NORTHBROOK, Ill., November 05, 2024--(BUSINESS WIRE)--UL Solutions Inc. (NYSE: ULS), a global safety science leader in independent third-party testing, inspection and certification services and related software and advisory offerings, today reported results for the third quarter ended September 30, 2024.

"This is our third quarterly report since becoming a public company and I’m very pleased that our results extended our momentum from the first half of 2024, with all segments and regions contributing positively," said President and CEO Jennifer Scanlon. "We achieved 9.3% organic revenue growth, Adjusted EBITDA margin expansion and continued to generate substantial cash flow as we served our customers in more than 110 countries. Certification testing in Industrial and Consumer segments showed particular strength reflecting megatrends and contributions from recent lab investments."

Scanlon added that strategic investments to meet growing customer demand in line with global megatrends were exemplified by the Company’s largest lab investment to date – the industrial and EV battery testing facility in Auburn Hills, Michigan.

"This state-of-the-art, 90,000-square-foot facility opened in August with tremendous commercial interest. We also plan to construct a new Advanced Automotive and Battery Testing Center in Pyeongtaek, Gyeonggi-do, Korea, expanding current UL Solutions battery testing capacity in the region," Scanlon said. "Our investment-grade balance sheet, resilient business model, and strong cash flow profile enable us to expand our capabilities and offerings in important growth sectors, while maintaining a balanced approach to capital allocation."
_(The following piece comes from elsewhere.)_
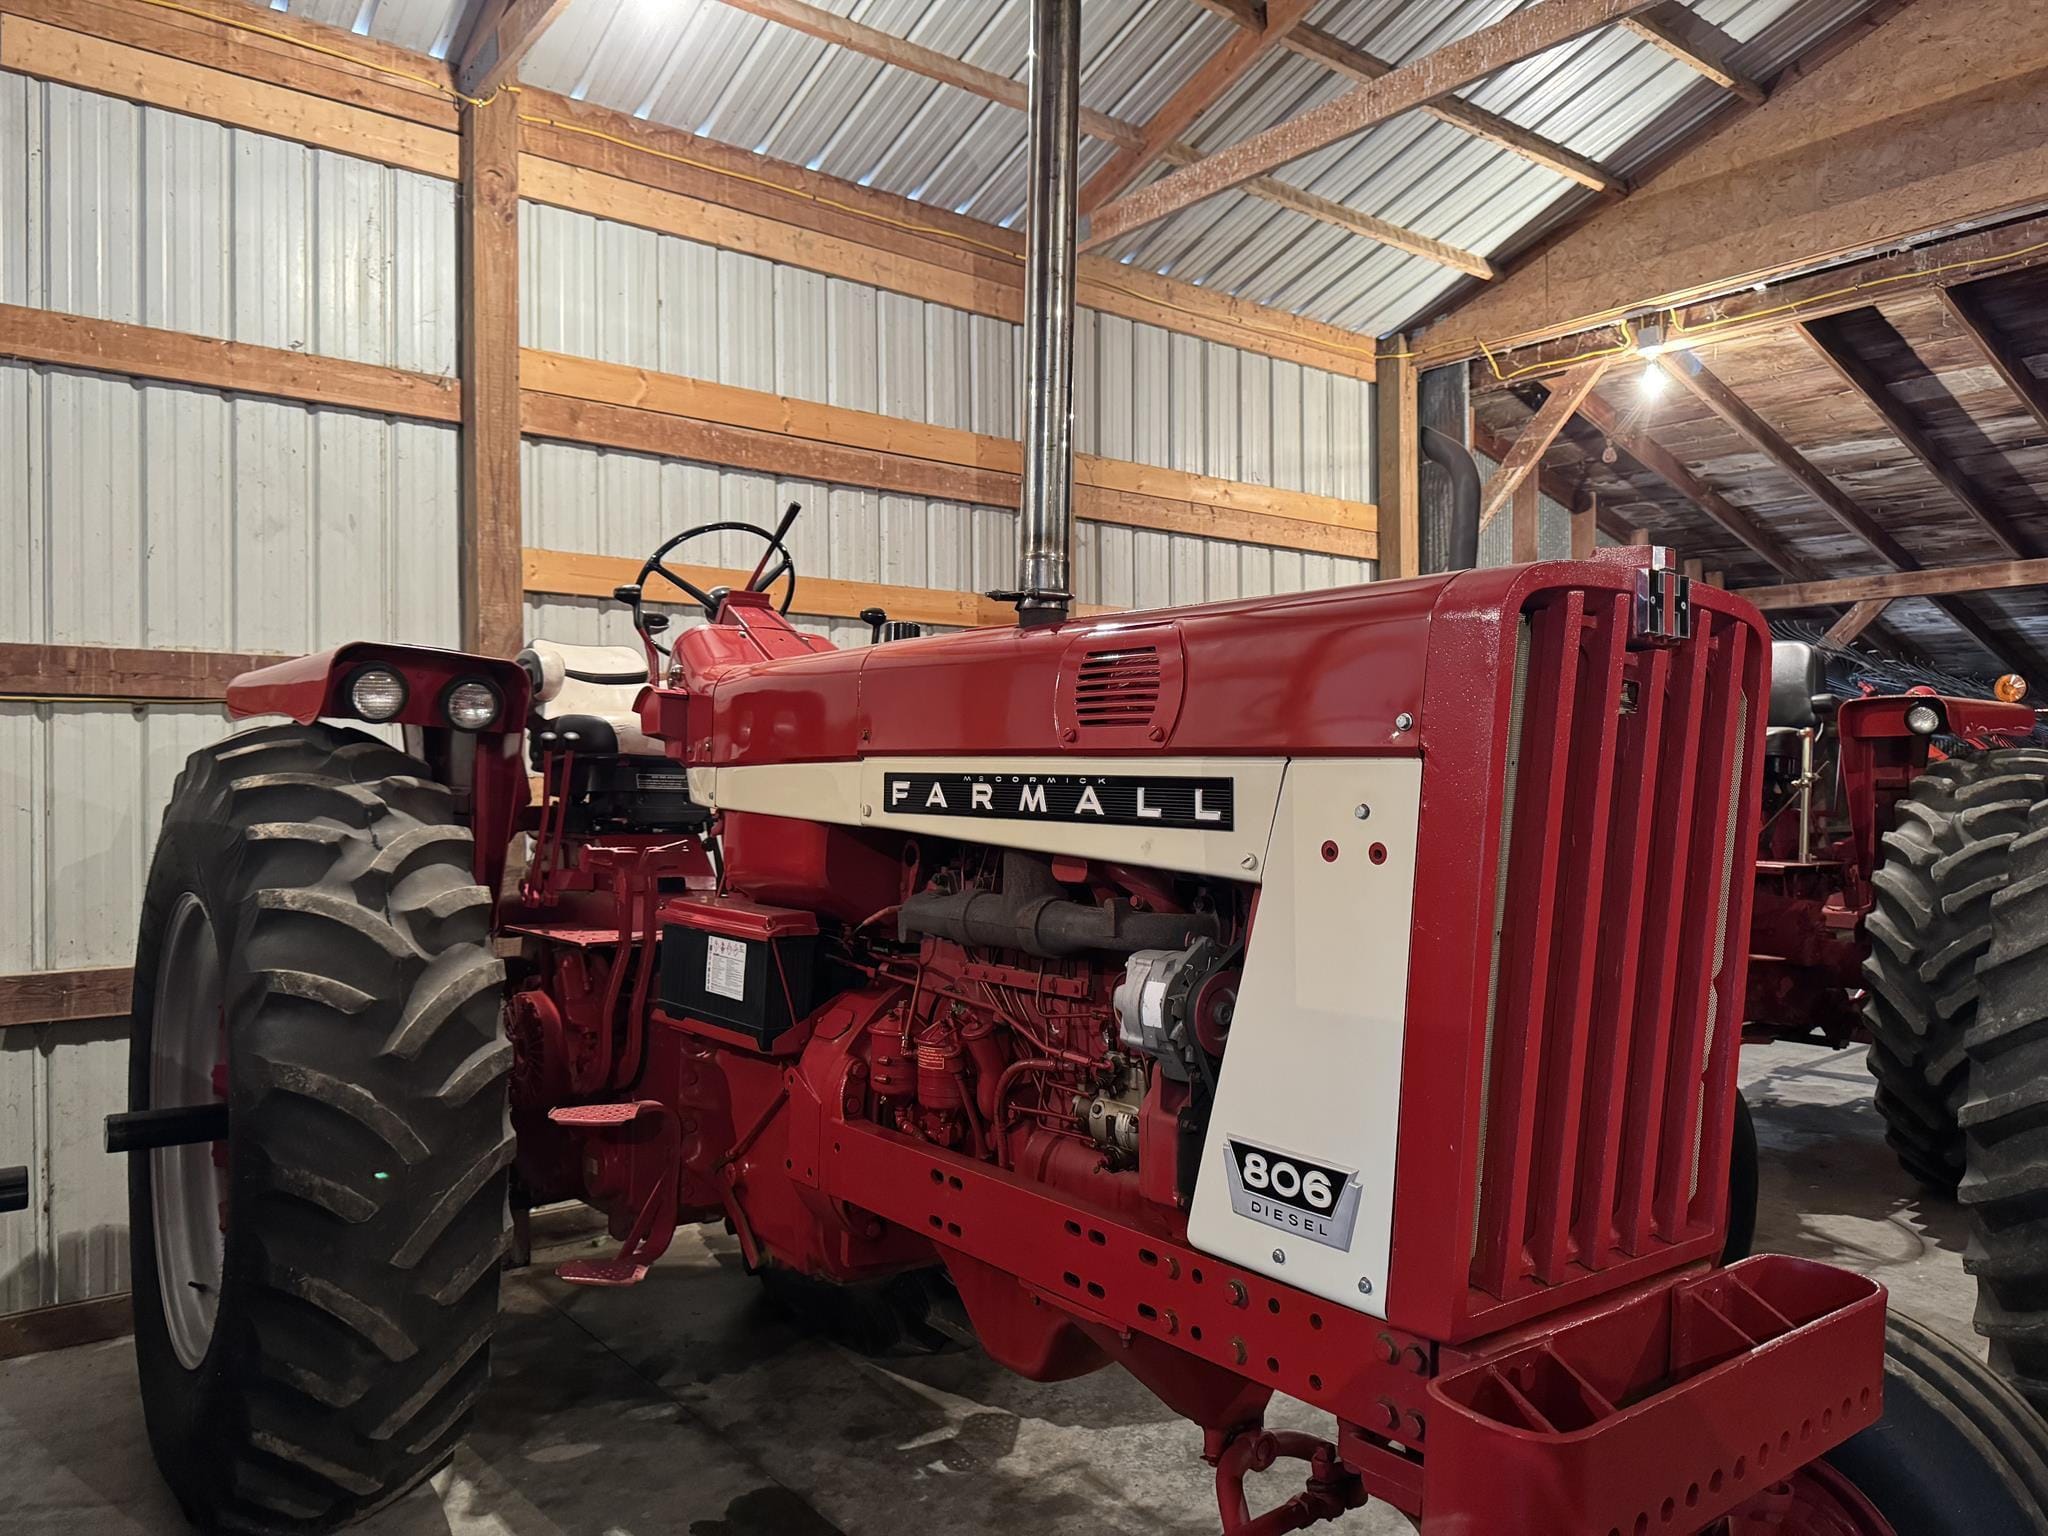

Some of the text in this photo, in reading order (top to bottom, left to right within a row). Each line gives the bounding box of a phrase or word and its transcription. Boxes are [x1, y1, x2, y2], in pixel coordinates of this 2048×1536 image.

Chief Financial Officer Ryan Robinson added, "Our strategy of targeting high-growth sectors in the product TIC industry is yielding positive results. Strong market tailwinds are driving demand for our services, contributing to another quarter of robust performance. Given our strong year-to-date performance, we're strengthening our full-year financial outlook and are on pace to complete our first year as a public company on strong footing."